_AIM OF THE TASK_:
Please copy the records exactly as they appear, with all pictures left out.

==== RECORDS PROVIDED ====

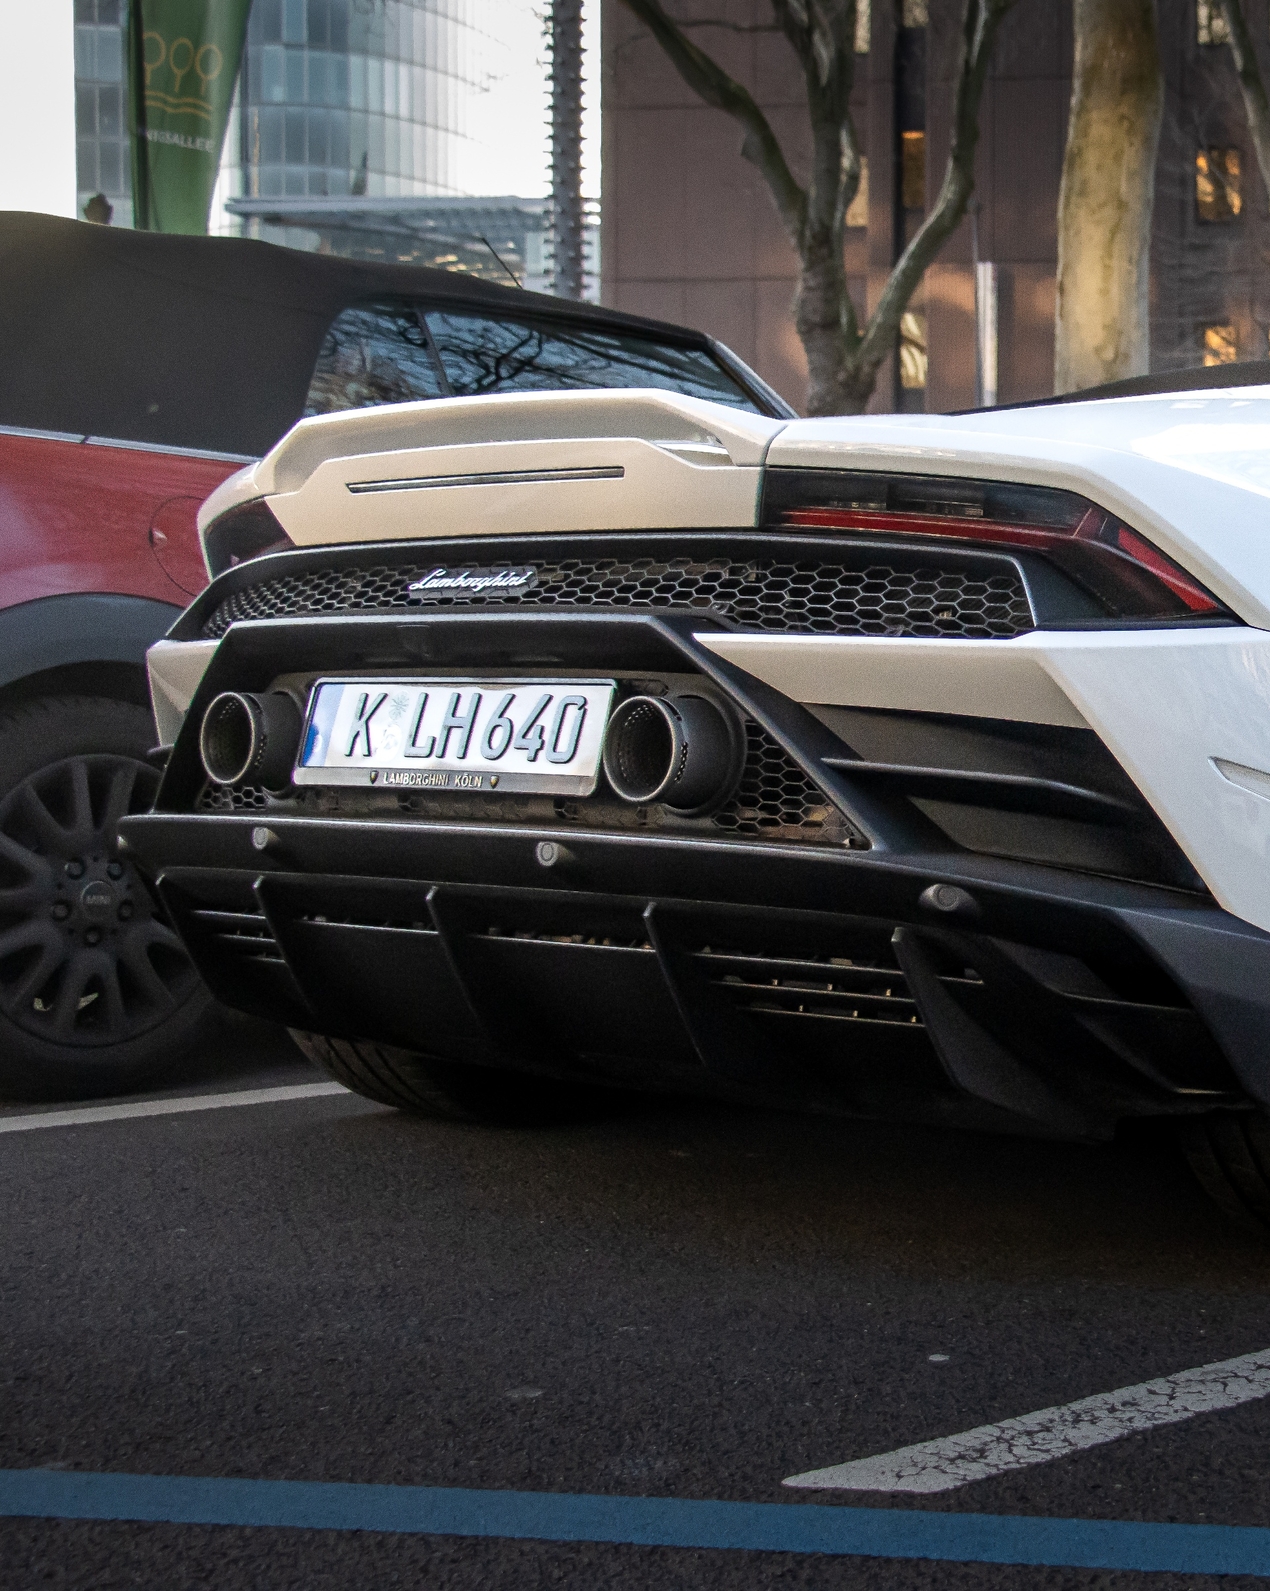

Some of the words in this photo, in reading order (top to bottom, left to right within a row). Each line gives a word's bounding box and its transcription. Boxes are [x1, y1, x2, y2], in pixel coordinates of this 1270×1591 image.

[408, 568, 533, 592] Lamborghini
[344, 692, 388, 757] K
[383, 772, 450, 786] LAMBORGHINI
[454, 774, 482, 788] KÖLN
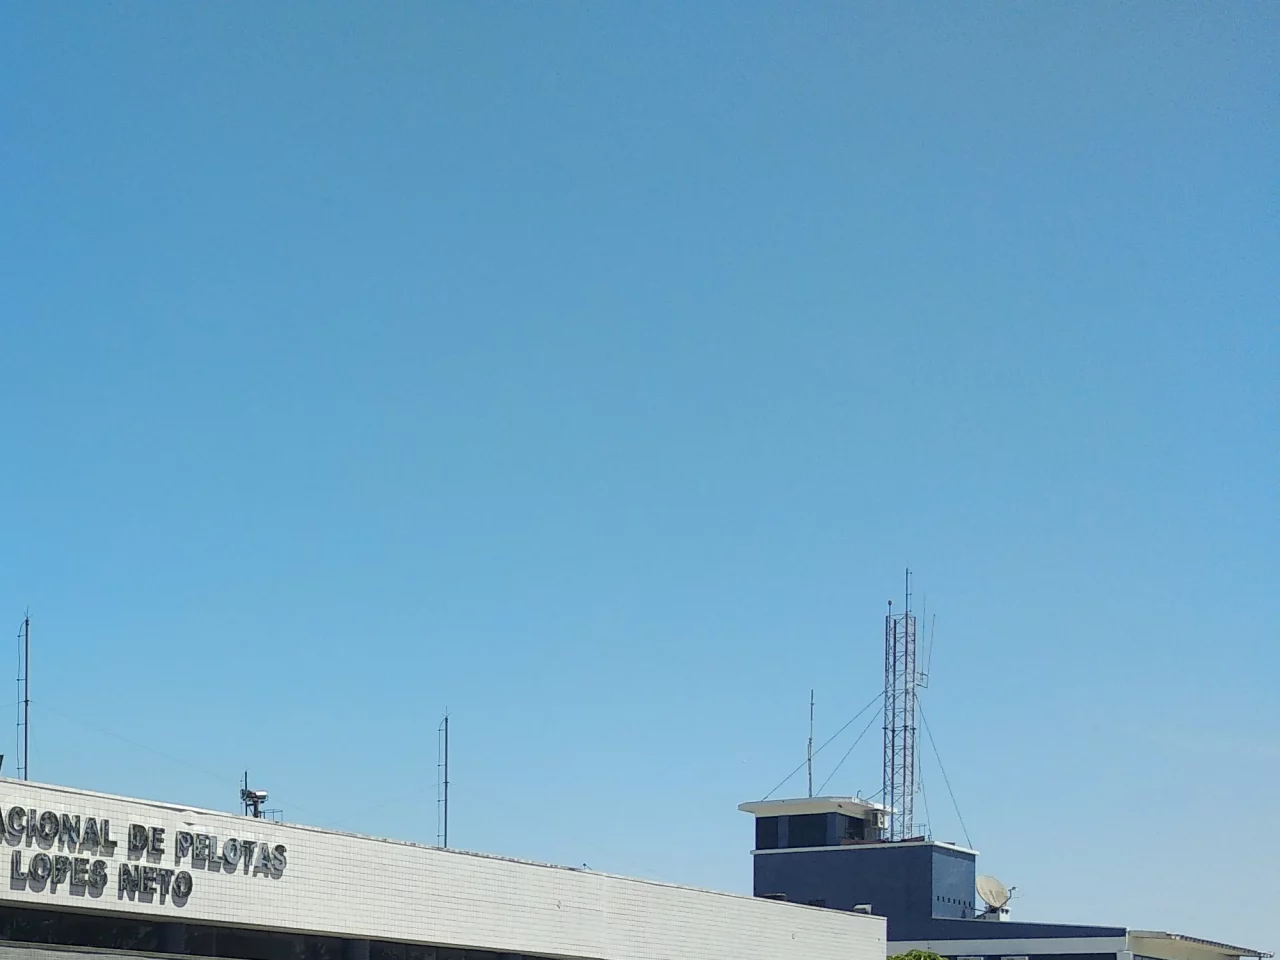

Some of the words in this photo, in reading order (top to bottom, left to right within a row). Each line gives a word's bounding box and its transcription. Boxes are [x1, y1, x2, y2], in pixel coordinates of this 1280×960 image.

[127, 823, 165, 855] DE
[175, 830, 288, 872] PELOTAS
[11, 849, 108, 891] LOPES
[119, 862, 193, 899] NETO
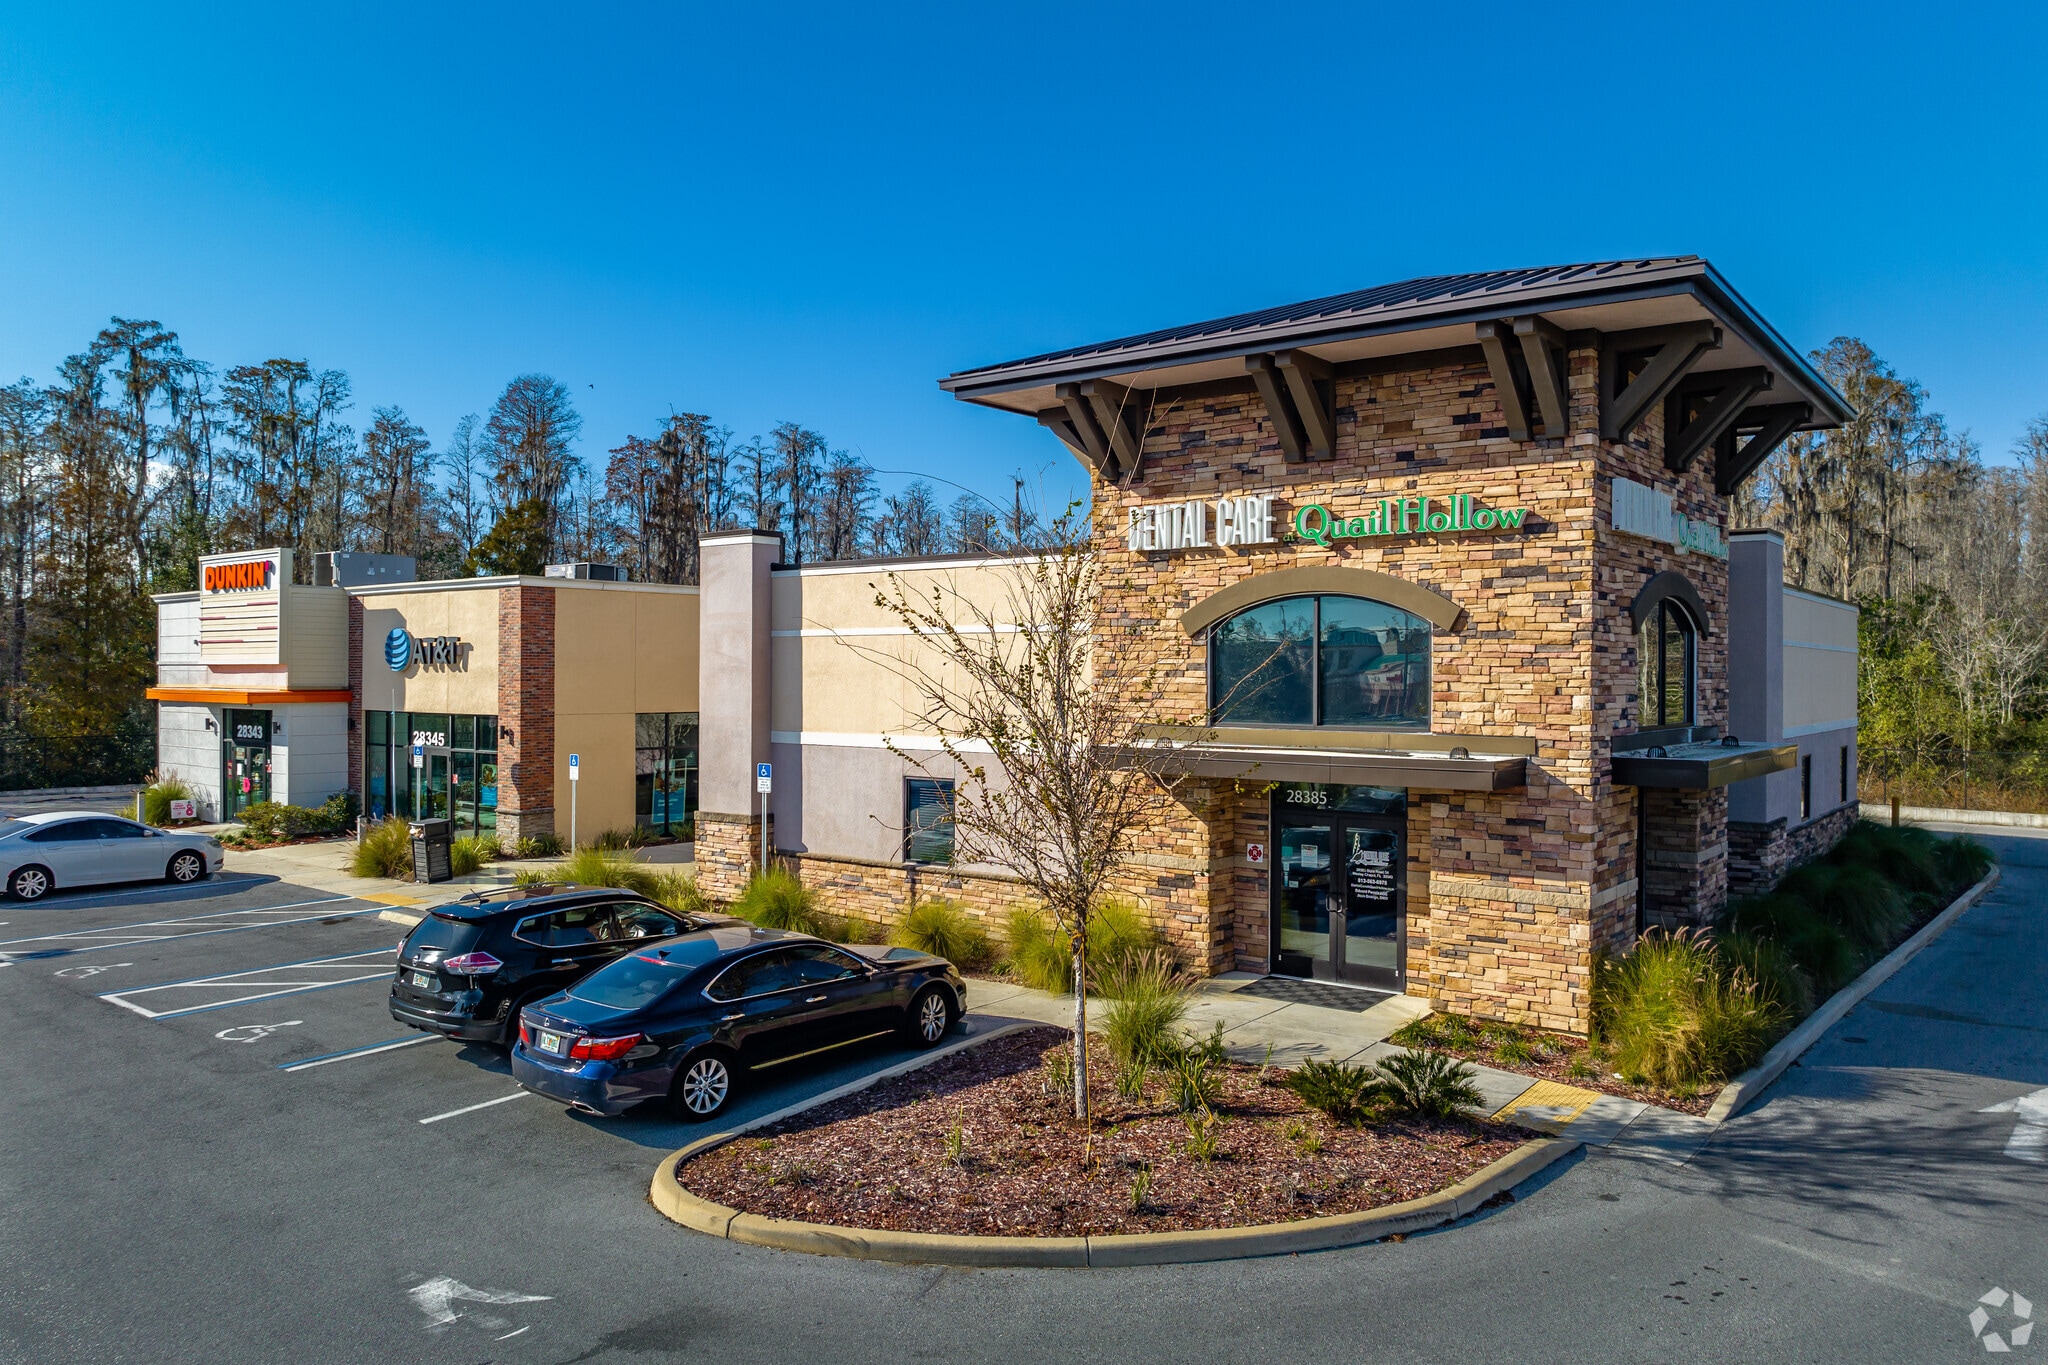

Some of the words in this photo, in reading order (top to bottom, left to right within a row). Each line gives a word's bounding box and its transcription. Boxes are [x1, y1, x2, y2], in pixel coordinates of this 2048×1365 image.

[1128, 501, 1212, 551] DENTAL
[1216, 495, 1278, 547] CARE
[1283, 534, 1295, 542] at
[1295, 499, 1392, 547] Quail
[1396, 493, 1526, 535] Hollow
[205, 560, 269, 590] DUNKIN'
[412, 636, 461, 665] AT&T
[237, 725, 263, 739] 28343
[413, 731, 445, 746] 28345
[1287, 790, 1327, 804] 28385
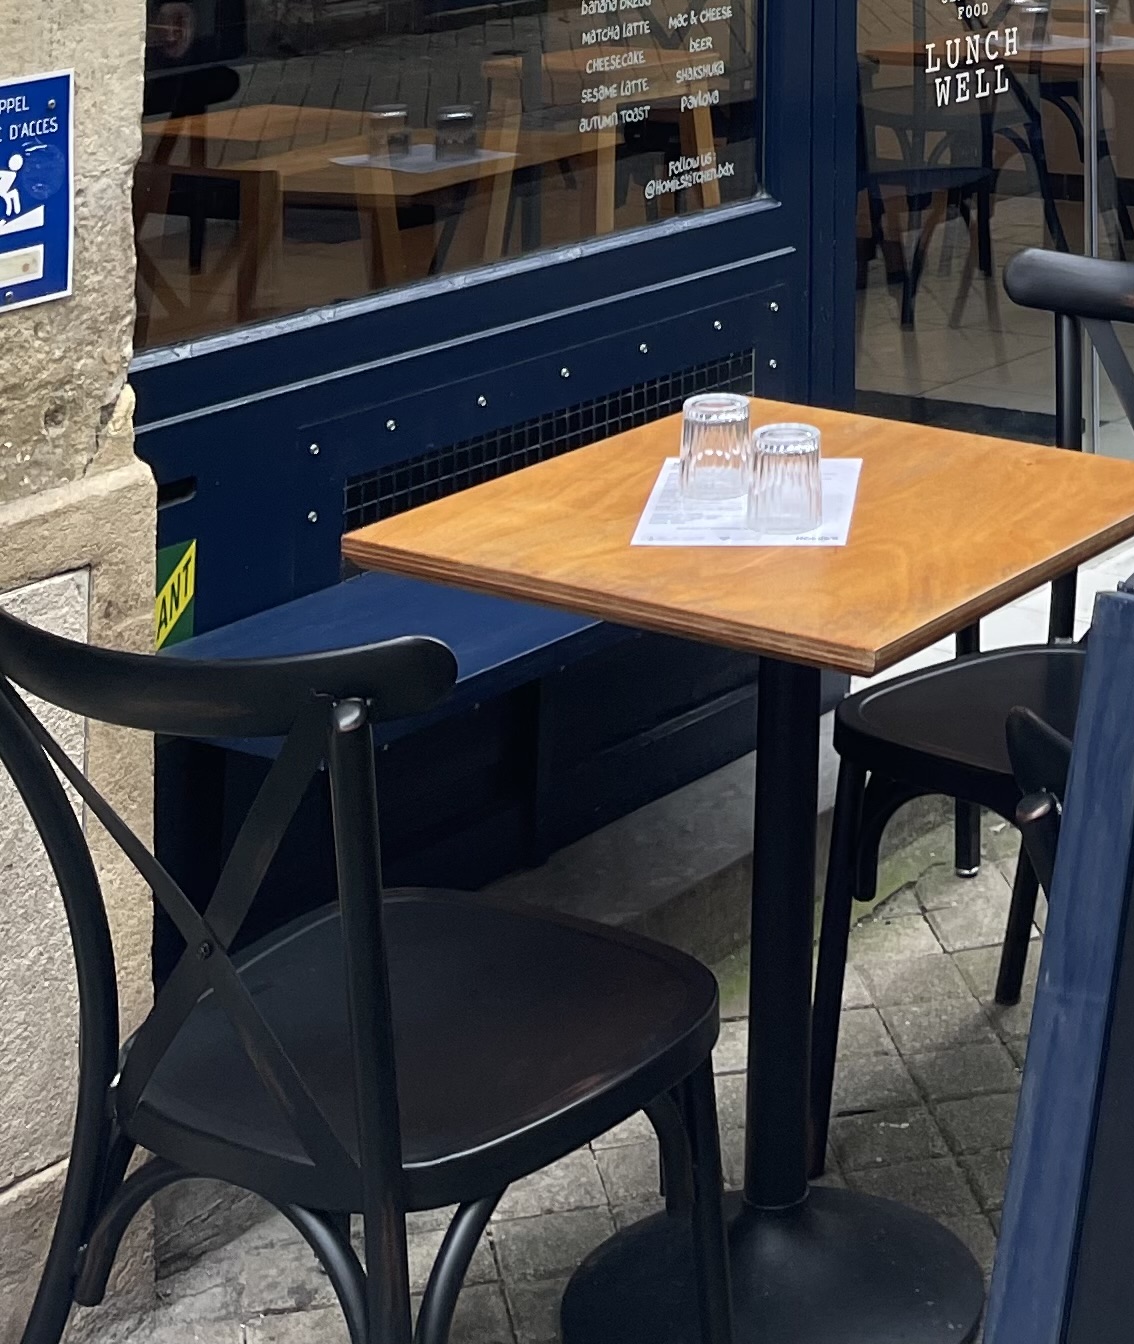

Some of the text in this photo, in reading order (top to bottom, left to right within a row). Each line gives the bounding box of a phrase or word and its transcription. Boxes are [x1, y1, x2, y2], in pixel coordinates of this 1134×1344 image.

====

_ANSWER TO THIS EXERCISE_:
Some of the words in this photo, in reading order (top to bottom, left to right within a row). Each line gives a word's bounding box and its transcription. Boxes are [x1, y1, x2, y2], in pixel coordinates of this 1270×1591 image.

[408, 568, 533, 592] Lamborghini
[344, 692, 388, 757] K
[383, 772, 450, 786] LAMBORGHINI
[454, 774, 482, 788] KÖLN

Some of the words in this photo, in reading order (top to bottom, left to right within a row). Each line gives a word's bounding box and its transcription. Boxes are [x1, y1, x2, y2], in pixel coordinates of this 1280×960 image.

[127, 823, 165, 855] DE
[175, 830, 288, 872] PELOTAS
[11, 849, 108, 891] LOPES
[119, 862, 193, 899] NETO

Some of the words in this photo, in reading order (top to bottom, left to right within a row). Each line gives a word's bounding box and its transcription. Boxes are [x1, y1, x2, y2], in pixel coordinates of this 2048×1365 image.

[1128, 501, 1212, 551] DENTAL
[1216, 495, 1278, 547] CARE
[1283, 534, 1295, 542] at
[1295, 499, 1392, 547] Quail
[1396, 493, 1526, 535] Hollow
[205, 560, 269, 590] DUNKIN'
[412, 636, 461, 665] AT&T
[237, 725, 263, 739] 28343
[413, 731, 445, 746] 28345
[1287, 790, 1327, 804] 28385

Some of the text in this photo, in reading order (top to bottom, left to right within a row). Each line gives the bounding box of a phrase or word and its transcription. Boxes are [x1, y1, x2, y2], in pixel coordinates of this 1134×1344 image.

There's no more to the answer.